Salvo exceções, Judiciário não deve se imiscuir na correção de provas de concursos

01/10/2020

Baseada na jurisprudência dominante de que os critérios adotados pelas bancas examinadoras de concursos não podem ser revistos pelo Judiciário, salvo em casos de ilegalidade ou inconstitucionalidade, a 1ª Câmara de Direito Público do TJ deu provimento a apelação interposta pelo Estado para manter hígidas questões – formuladas em certame de ingresso nos quadros de soldados da Polícia Militar – que um dos candidatos na disputa pretendia ver anuladas.

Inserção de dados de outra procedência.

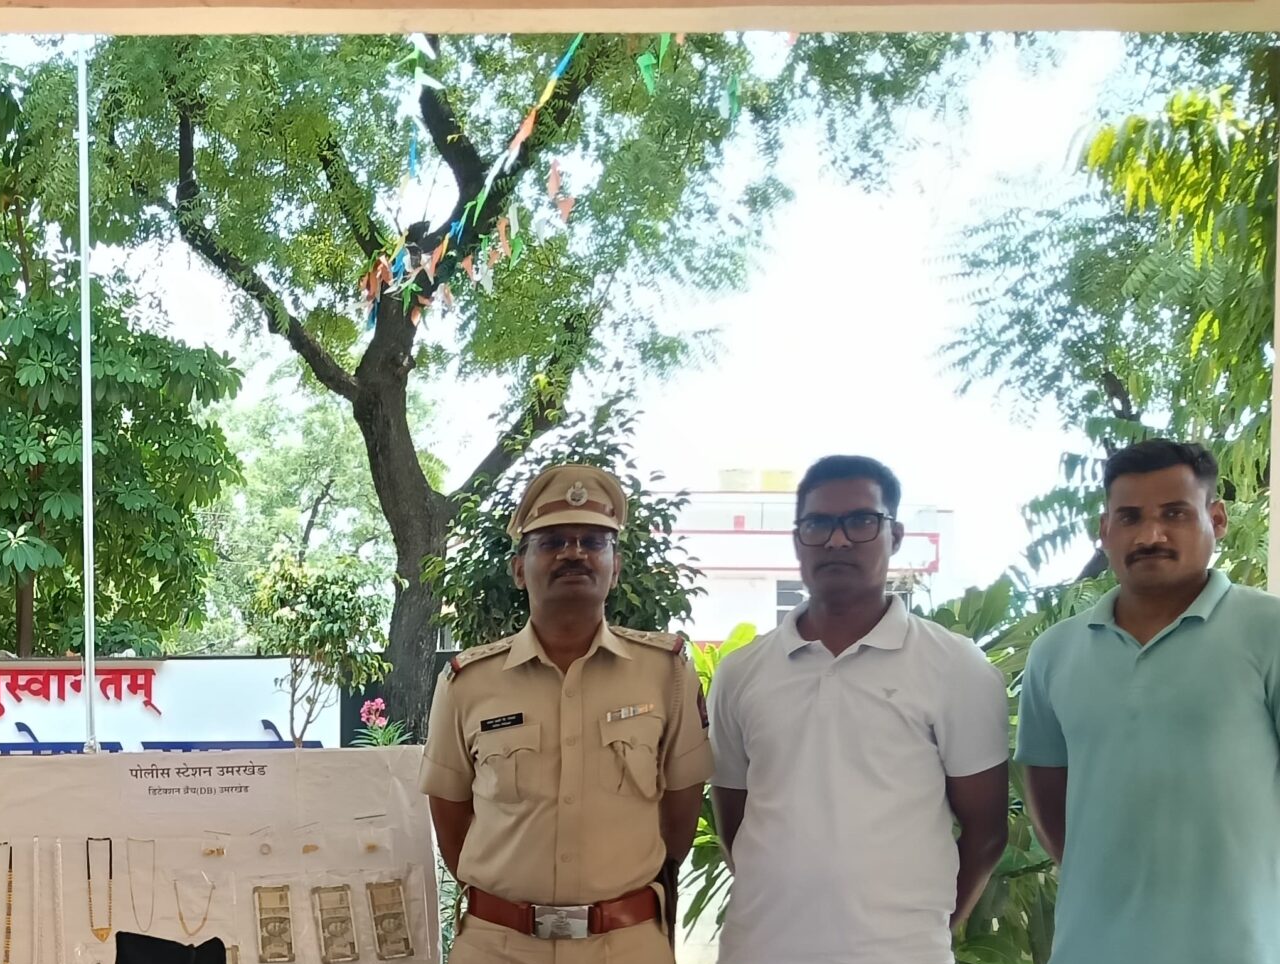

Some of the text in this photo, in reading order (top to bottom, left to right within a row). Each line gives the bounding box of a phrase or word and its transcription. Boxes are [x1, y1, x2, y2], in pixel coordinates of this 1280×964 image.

No mandado de segurança que impetrou em 1º grau, aliás, o aspirante havia apresentado inconformidade sobre seis perguntas. Destas, obteve sucesso em apenas duas. Enquanto a apelação do Estado buscava reverter esse quadro, o candidato tentava estender a anulação para os demais quesitos, fato que significaria sua manutenção na sequência do concurso. Seu pleito não prosperou.

Para o desembargador Luiz Fernando Boller, relator da matéria, não há qualquer indicação de que os critérios adotados pela banca não tenham sido isonomicamente aplicados a todos os candidatos. Segundo ele, não houve sequer demonstração de teratologia ou de flagrante ilegalidade na interpretação proposta pela banca examinadora do concurso. Nestes casos, reiterou, a jurisprudência é pacífica em afirmar que não cabe ao Poder Judiciário substituir a banca de concurso para o fim de corrigir as provas prestadas pelos candidatos.

“Nos termos da corrente jurisprudencial dominante no STF, não cabe ao Judiciário avaliar respostas em substituição à banca examinadora, sendo que o exigido nas aludidas questões está devidamente previsto no conteúdo programático do certame”, concluiu o relator, em voto seguido de forma unânime pelos demais integrantes da câmara (Apelação Cível/Reexame Necessário nº 5002229-56.2019.8.24.0091).